The report tool generates comprehensive tables with:
- Performance results with confidence intervals
- Resource usage analysis
- Truncation indicators in [-.XX] format
- Overall statistics and totals
Deployment Considerations¶
Standalone Server¶
python leaderboard.py dataset.json --port 8050
# Access at http://localhost:8050
Reverse Proxy Deployment¶
python leaderboard.py dataset.json --url-base-pathname /leaderboard/
# Configure nginx/apache to proxy /leaderboard/ to the app
Mobile Responsiveness¶
The leaderboard includes mobile viewport configuration with: - Initial scale: 0.4 (zoomed out for table visibility) - Minimum scale: 0.2 (allows further zoom out) - User scalable: yes (pinch to zoom enabled)
Performance Optimization¶
The leaderboard uses several optimization strategies:
- Data caching: Full dataset loaded once at startup and stored in browser
- Client-side filtering: Group and manifold filters use cached data
- Lazy pagination: Only renders current page of 10 models
- HTML/CSS visualization: Heatmap cells use DIV elements instead of plotly for faster rendering
- Efficient callbacks: Dash callbacks minimize re-computation
These optimizations enable smooth interaction even with datasets containing dozens of models and hundreds of evaluation points.

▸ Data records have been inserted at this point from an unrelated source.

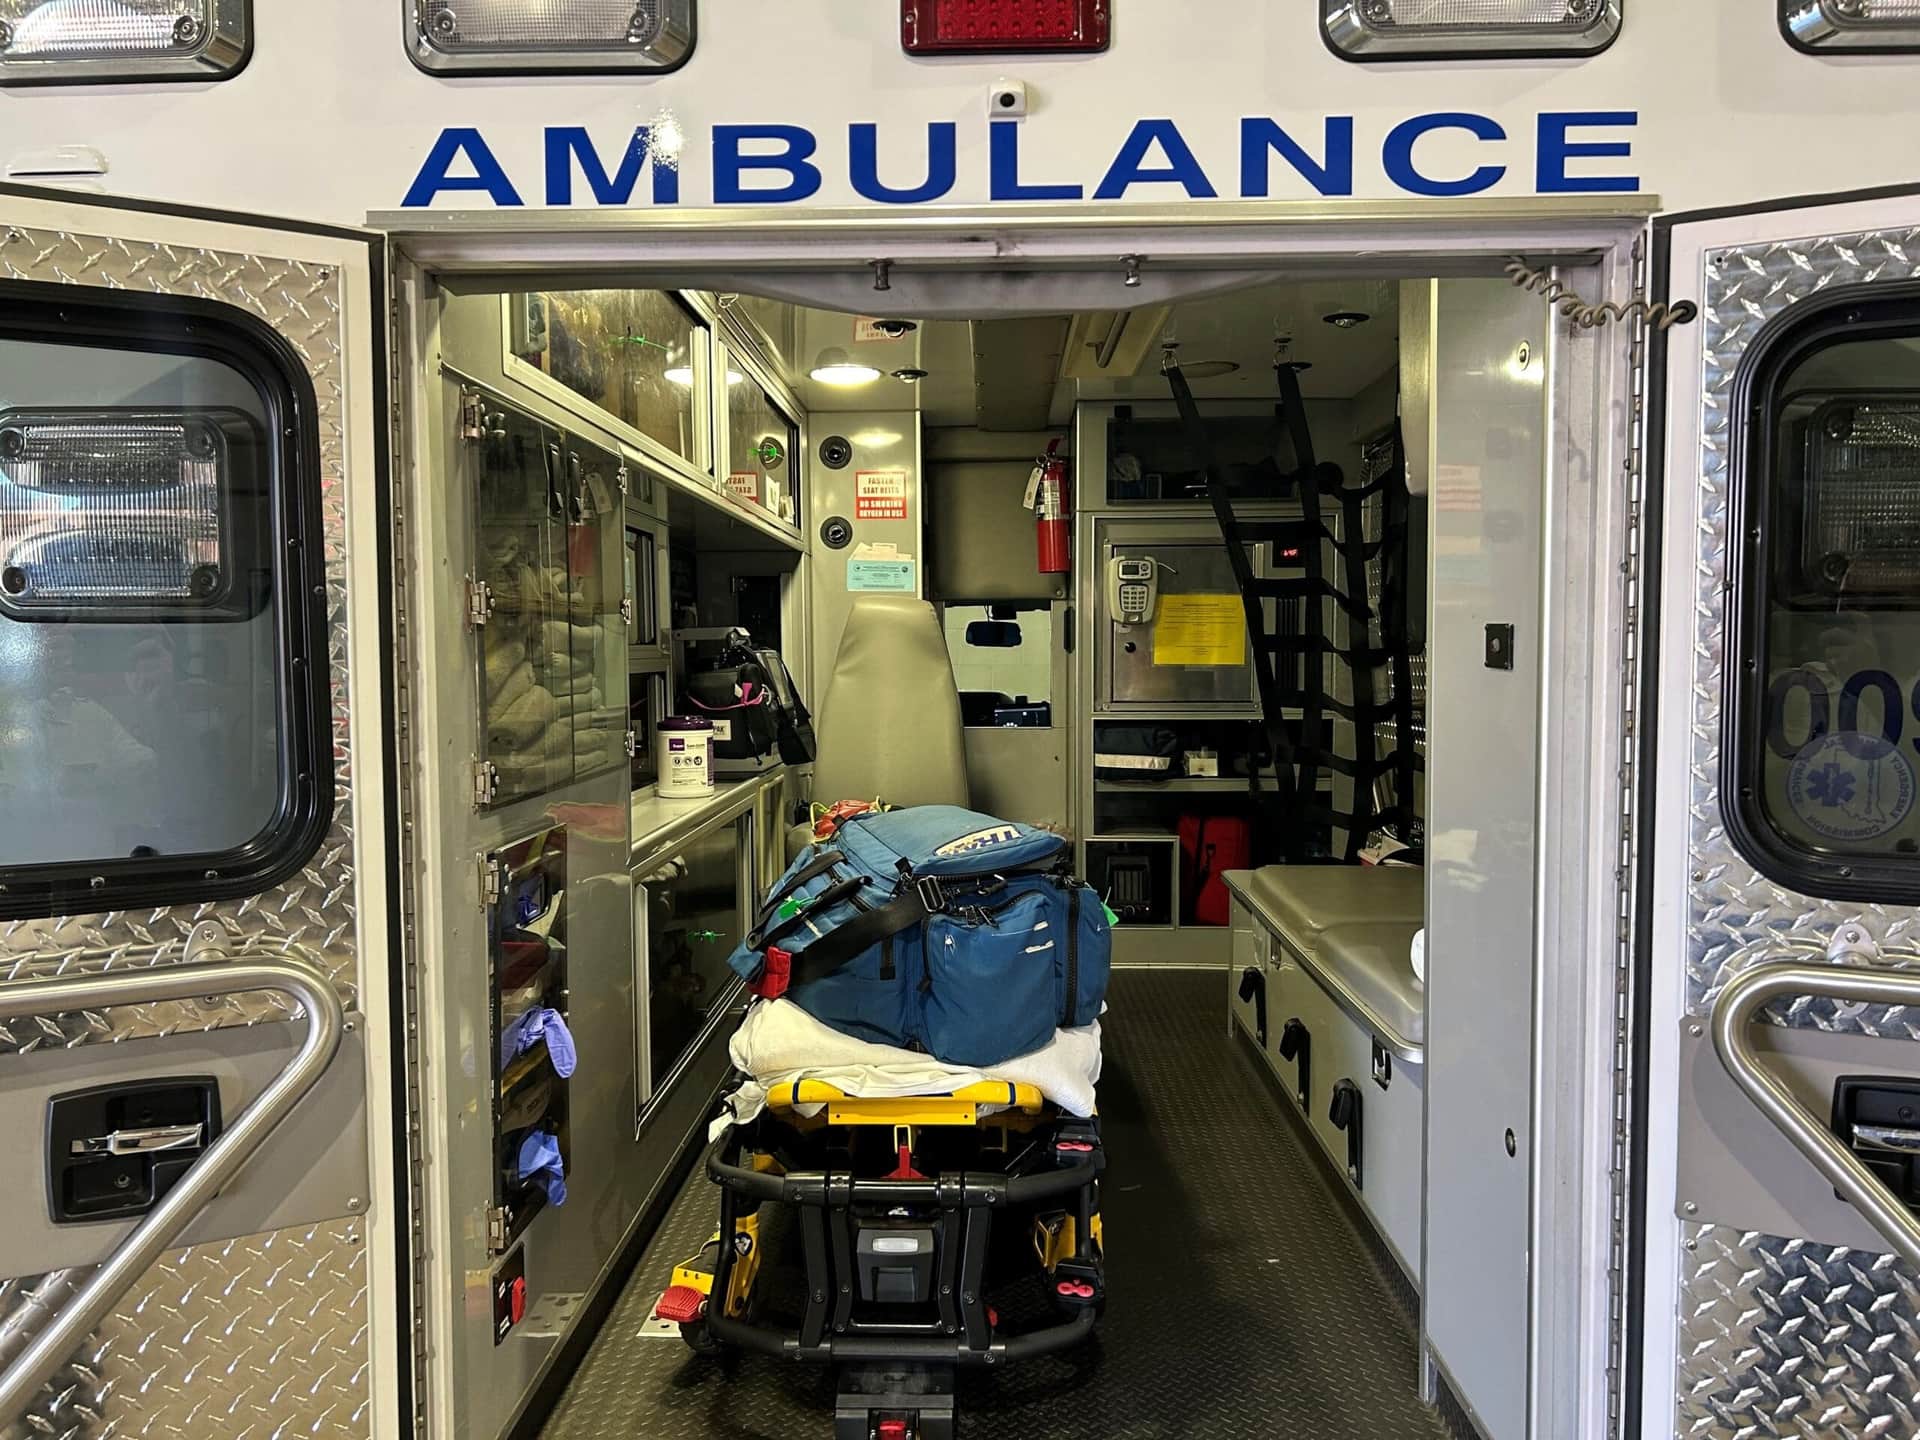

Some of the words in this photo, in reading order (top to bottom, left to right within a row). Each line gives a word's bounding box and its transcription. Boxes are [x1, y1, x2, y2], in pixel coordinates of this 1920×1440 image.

[401, 111, 1640, 207] AMBULANCE
[863, 486, 878, 494] SEAT
[859, 500, 870, 508] NO
[871, 500, 903, 508] SMOKING
[859, 509, 883, 517] OXYGEN
[892, 509, 904, 517] USE
[1766, 669, 1920, 761] 00
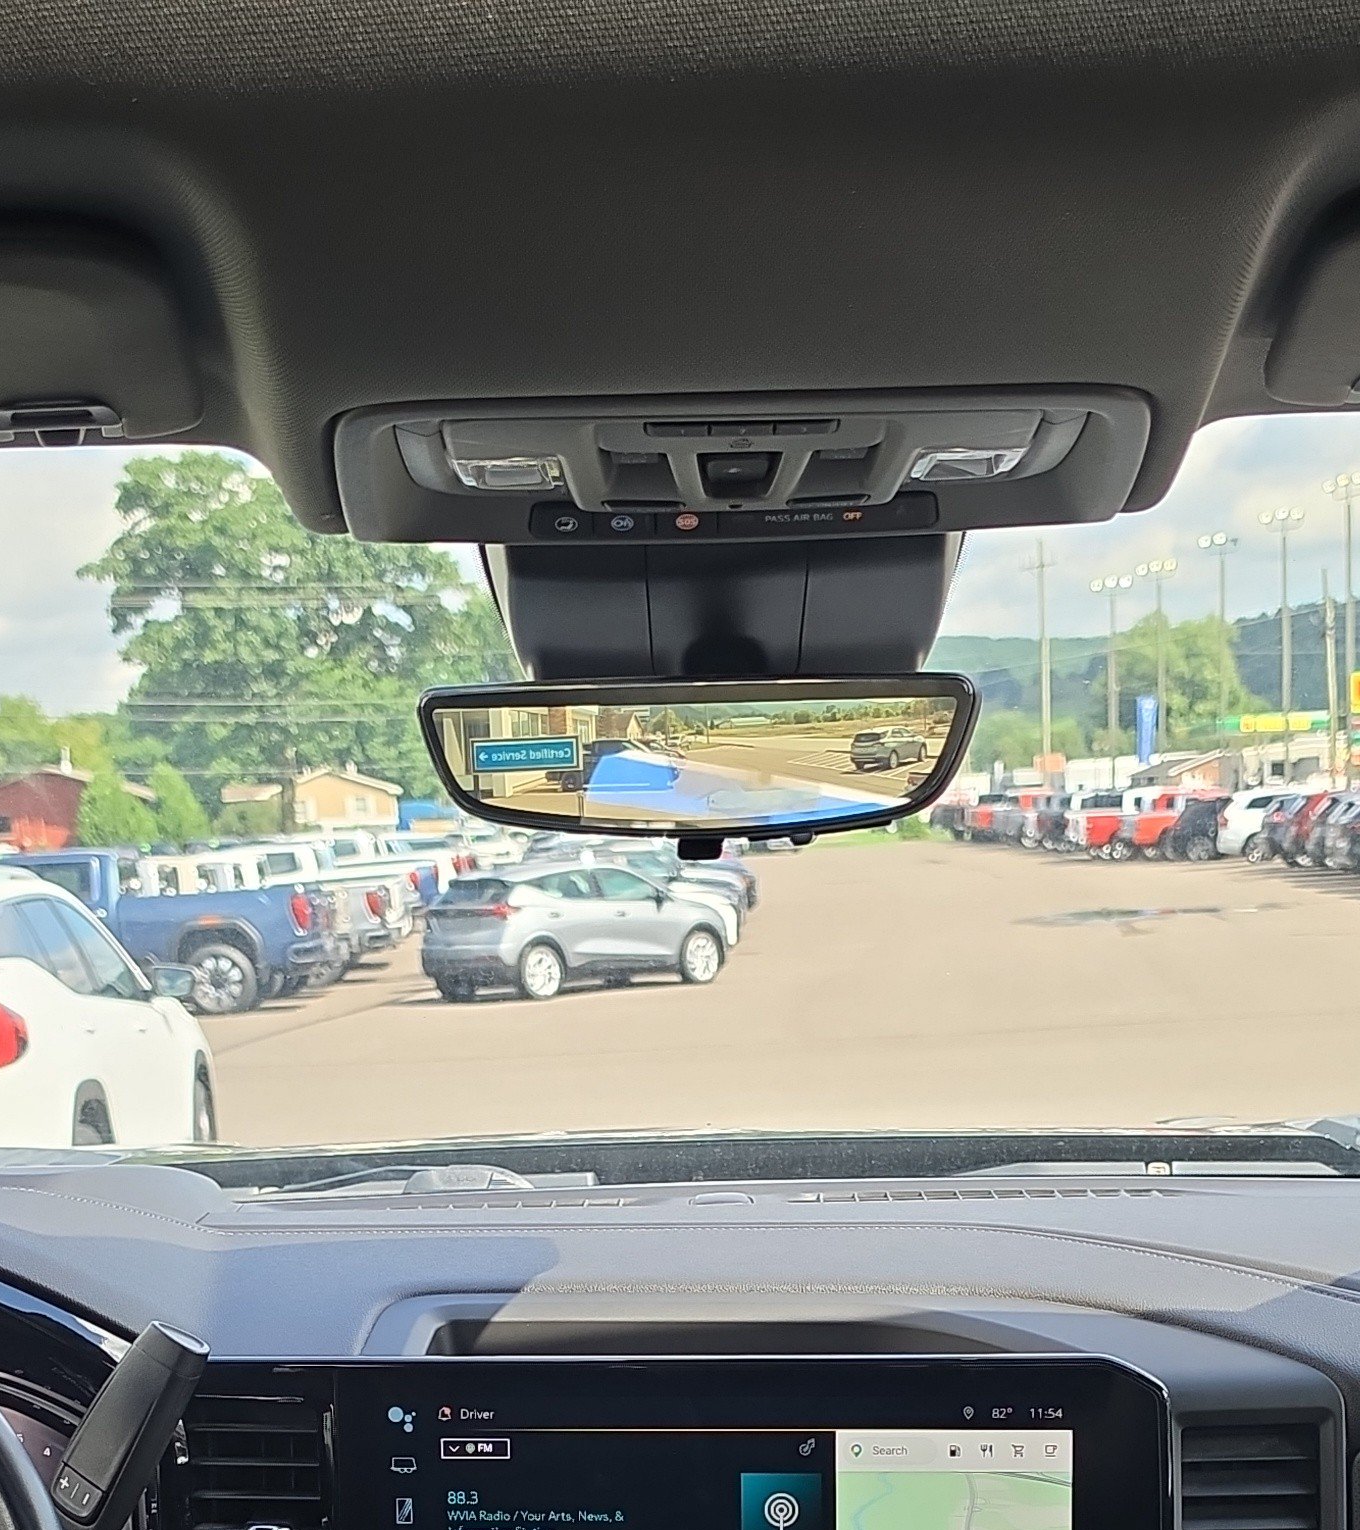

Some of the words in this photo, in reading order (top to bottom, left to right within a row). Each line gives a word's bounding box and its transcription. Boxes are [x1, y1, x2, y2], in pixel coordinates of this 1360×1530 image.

[765, 514, 791, 523] PASS
[793, 513, 810, 522] AIR
[813, 513, 834, 521] BAG
[842, 511, 863, 521] OFF
[460, 1408, 495, 1420] Driver
[1029, 1408, 1063, 1419] 11:54
[477, 1442, 493, 1453] FM
[872, 1445, 908, 1456] Search
[447, 1490, 479, 1505] 88.3
[447, 1510, 477, 1521] WVIA
[479, 1510, 511, 1521] Radio
[520, 1510, 545, 1522] Your
[548, 1510, 575, 1523] Arts,
[578, 1510, 612, 1523] News,
[614, 1510, 625, 1522] &

Integration with Analysis Pipeline¶
The leaderboard is the primary visualization tool in the ReasonScape analysis pipeline:
# 1. Run evaluation
python runner.py --config configs/m12x.yaml --degree 1 --model your-model
# 2. Process results
python evaluate.py --interview 'results/*/*.ndjson' --output analysis.json
# 3. Launch leaderboard
python leaderboard.py analysis.json
# 4. Optional: Generate markdown report
python report.py analysis.json --output report.md
The leaderboard serves as both an interactive exploration tool and a presentation-ready ranking system for LLM reasoning capability assessment.